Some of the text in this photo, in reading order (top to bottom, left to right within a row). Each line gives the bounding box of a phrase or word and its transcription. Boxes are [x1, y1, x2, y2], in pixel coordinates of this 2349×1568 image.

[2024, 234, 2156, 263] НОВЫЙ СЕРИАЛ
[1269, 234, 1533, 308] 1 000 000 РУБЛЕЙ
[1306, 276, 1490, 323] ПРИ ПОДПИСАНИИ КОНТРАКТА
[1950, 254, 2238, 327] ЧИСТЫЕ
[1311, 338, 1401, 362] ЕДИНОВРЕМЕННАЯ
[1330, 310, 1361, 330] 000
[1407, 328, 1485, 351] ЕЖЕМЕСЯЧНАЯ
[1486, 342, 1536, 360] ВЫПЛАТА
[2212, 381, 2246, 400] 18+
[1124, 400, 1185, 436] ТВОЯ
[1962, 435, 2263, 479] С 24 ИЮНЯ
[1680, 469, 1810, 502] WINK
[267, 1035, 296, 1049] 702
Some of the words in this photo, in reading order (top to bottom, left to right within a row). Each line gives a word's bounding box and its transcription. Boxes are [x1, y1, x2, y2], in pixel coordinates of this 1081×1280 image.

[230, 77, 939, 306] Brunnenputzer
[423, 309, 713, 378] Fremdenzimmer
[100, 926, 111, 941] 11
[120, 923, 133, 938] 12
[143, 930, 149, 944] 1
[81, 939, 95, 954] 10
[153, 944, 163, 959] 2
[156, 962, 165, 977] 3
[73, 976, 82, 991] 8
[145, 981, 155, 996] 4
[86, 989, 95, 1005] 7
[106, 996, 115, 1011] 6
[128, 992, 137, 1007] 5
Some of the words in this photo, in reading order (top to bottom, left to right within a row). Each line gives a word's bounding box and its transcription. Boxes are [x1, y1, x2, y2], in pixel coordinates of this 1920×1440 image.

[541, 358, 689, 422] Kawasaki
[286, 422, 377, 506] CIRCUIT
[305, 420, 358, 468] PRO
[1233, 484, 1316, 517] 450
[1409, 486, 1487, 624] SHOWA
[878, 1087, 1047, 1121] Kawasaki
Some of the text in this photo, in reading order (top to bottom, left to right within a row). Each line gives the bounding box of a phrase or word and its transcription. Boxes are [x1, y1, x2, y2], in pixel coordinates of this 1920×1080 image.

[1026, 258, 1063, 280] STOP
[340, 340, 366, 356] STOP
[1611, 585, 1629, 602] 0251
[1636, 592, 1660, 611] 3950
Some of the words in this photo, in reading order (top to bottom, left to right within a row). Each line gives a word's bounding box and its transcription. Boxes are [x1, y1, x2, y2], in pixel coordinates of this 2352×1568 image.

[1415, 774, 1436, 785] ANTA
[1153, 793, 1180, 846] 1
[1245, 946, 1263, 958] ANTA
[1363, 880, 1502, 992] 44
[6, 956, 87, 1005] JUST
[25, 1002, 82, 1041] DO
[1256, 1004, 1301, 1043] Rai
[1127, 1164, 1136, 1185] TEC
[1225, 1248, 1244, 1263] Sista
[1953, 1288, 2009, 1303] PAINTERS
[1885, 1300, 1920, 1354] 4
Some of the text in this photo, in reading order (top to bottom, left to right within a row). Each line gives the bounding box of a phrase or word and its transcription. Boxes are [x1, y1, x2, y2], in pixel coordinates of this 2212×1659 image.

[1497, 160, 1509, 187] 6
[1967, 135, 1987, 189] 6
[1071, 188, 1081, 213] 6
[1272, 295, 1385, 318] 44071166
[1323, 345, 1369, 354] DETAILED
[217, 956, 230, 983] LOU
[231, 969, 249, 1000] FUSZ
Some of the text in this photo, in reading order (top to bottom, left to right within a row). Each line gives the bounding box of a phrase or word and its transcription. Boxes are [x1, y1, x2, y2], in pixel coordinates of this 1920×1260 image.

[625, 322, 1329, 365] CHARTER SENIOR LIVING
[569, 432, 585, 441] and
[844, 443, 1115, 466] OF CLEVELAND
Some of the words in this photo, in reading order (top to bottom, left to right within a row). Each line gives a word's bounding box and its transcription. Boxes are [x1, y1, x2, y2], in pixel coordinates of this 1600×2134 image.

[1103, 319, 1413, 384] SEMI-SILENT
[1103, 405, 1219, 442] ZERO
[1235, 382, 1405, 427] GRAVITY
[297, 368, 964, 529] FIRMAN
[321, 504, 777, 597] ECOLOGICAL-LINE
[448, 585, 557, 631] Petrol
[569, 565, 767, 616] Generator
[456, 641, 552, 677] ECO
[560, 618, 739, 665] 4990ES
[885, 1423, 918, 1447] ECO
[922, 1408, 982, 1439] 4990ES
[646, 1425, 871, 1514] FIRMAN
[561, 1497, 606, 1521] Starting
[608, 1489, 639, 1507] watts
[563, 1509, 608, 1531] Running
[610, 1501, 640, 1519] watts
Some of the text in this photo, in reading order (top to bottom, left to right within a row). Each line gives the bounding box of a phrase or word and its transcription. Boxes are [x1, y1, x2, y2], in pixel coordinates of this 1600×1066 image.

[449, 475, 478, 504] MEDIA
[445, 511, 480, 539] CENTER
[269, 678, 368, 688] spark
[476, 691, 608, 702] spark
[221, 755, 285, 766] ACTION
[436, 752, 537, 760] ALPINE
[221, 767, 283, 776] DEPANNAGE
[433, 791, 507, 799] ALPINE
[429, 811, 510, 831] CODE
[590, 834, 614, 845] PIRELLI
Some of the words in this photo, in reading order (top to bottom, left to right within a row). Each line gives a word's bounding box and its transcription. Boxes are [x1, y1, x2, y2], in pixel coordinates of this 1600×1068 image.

PROBLEM ▸ Go through the listing and copy all of it exactly.

SOLUTION TO THIS TASK ▸
Some of the text in this photo, in reading order (top to bottom, left to right within a row). Each line gives the bounding box of a phrase or word and its transcription. Boxes are [x1, y1, x2, y2], in pixel coordinates of this 2349×1568 image.

[2024, 234, 2156, 263] НОВЫЙ СЕРИАЛ
[1269, 234, 1533, 308] 1 000 000 РУБЛЕЙ
[1306, 276, 1490, 323] ПРИ ПОДПИСАНИИ КОНТРАКТА
[1950, 254, 2238, 327] ЧИСТЫЕ
[1311, 338, 1401, 362] ЕДИНОВРЕМЕННАЯ
[1330, 310, 1361, 330] 000
[1407, 328, 1485, 351] ЕЖЕМЕСЯЧНАЯ
[1486, 342, 1536, 360] ВЫПЛАТА
[2212, 381, 2246, 400] 18+
[1124, 400, 1185, 436] ТВОЯ
[1962, 435, 2263, 479] С 24 ИЮНЯ
[1680, 469, 1810, 502] WINK
[267, 1035, 296, 1049] 702
Some of the words in this photo, in reading order (top to bottom, left to right within a row). Each line gives a word's bounding box and its transcription. Boxes are [x1, y1, x2, y2], in pixel coordinates of this 1081×1280 image.

[230, 77, 939, 306] Brunnenputzer
[423, 309, 713, 378] Fremdenzimmer
[100, 926, 111, 941] 11
[120, 923, 133, 938] 12
[143, 930, 149, 944] 1
[81, 939, 95, 954] 10
[153, 944, 163, 959] 2
[156, 962, 165, 977] 3
[73, 976, 82, 991] 8
[145, 981, 155, 996] 4
[86, 989, 95, 1005] 7
[106, 996, 115, 1011] 6
[128, 992, 137, 1007] 5
Some of the words in this photo, in reading order (top to bottom, left to right within a row). Each line gives a word's bounding box and its transcription. Boxes are [x1, y1, x2, y2], in pixel coordinates of this 1920×1440 image.

[541, 358, 689, 422] Kawasaki
[286, 422, 377, 506] CIRCUIT
[305, 420, 358, 468] PRO
[1233, 484, 1316, 517] 450
[1409, 486, 1487, 624] SHOWA
[878, 1087, 1047, 1121] Kawasaki
Some of the text in this photo, in reading order (top to bottom, left to right within a row). Each line gives the bounding box of a phrase or word and its transcription. Boxes are [x1, y1, x2, y2], in pixel coordinates of this 1920×1080 image.

[1026, 258, 1063, 280] STOP
[340, 340, 366, 356] STOP
[1611, 585, 1629, 602] 0251
[1636, 592, 1660, 611] 3950
Some of the words in this photo, in reading order (top to bottom, left to right within a row). Each line gives a word's bounding box and its transcription. Boxes are [x1, y1, x2, y2], in pixel coordinates of this 2352×1568 image.

[1415, 774, 1436, 785] ANTA
[1153, 793, 1180, 846] 1
[1245, 946, 1263, 958] ANTA
[1363, 880, 1502, 992] 44
[6, 956, 87, 1005] JUST
[25, 1002, 82, 1041] DO
[1256, 1004, 1301, 1043] Rai
[1127, 1164, 1136, 1185] TEC
[1225, 1248, 1244, 1263] Sista
[1953, 1288, 2009, 1303] PAINTERS
[1885, 1300, 1920, 1354] 4
Some of the text in this photo, in reading order (top to bottom, left to right within a row). Each line gives the bounding box of a phrase or word and its transcription. Boxes are [x1, y1, x2, y2], in pixel coordinates of this 2212×1659 image.

[1497, 160, 1509, 187] 6
[1967, 135, 1987, 189] 6
[1071, 188, 1081, 213] 6
[1272, 295, 1385, 318] 44071166
[1323, 345, 1369, 354] DETAILED
[217, 956, 230, 983] LOU
[231, 969, 249, 1000] FUSZ
Some of the text in this photo, in reading order (top to bottom, left to right within a row). Each line gives the bounding box of a phrase or word and its transcription. Boxes are [x1, y1, x2, y2], in pixel coordinates of this 1920×1260 image.

[625, 322, 1329, 365] CHARTER SENIOR LIVING
[569, 432, 585, 441] and
[844, 443, 1115, 466] OF CLEVELAND
Some of the words in this photo, in reading order (top to bottom, left to right within a row). Each line gives a word's bounding box and its transcription. Boxes are [x1, y1, x2, y2], in pixel coordinates of this 1600×2134 image.

[1103, 319, 1413, 384] SEMI-SILENT
[1103, 405, 1219, 442] ZERO
[1235, 382, 1405, 427] GRAVITY
[297, 368, 964, 529] FIRMAN
[321, 504, 777, 597] ECOLOGICAL-LINE
[448, 585, 557, 631] Petrol
[569, 565, 767, 616] Generator
[456, 641, 552, 677] ECO
[560, 618, 739, 665] 4990ES
[885, 1423, 918, 1447] ECO
[922, 1408, 982, 1439] 4990ES
[646, 1425, 871, 1514] FIRMAN
[561, 1497, 606, 1521] Starting
[608, 1489, 639, 1507] watts
[563, 1509, 608, 1531] Running
[610, 1501, 640, 1519] watts
Some of the text in this photo, in reading order (top to bottom, left to right within a row). Each line gives the bounding box of a phrase or word and its transcription. Boxes are [x1, y1, x2, y2], in pixel coordinates of this 1600×1066 image.

[449, 475, 478, 504] MEDIA
[445, 511, 480, 539] CENTER
[269, 678, 368, 688] spark
[476, 691, 608, 702] spark
[221, 755, 285, 766] ACTION
[436, 752, 537, 760] ALPINE
[221, 767, 283, 776] DEPANNAGE
[433, 791, 507, 799] ALPINE
[429, 811, 510, 831] CODE
[590, 834, 614, 845] PIRELLI
Some of the words in this photo, in reading order (top to bottom, left to right within a row). Each line gives a word's bounding box and its transcription. Boxes are [x1, y1, x2, y2], in pixel coordinates of this 1600×1068 image.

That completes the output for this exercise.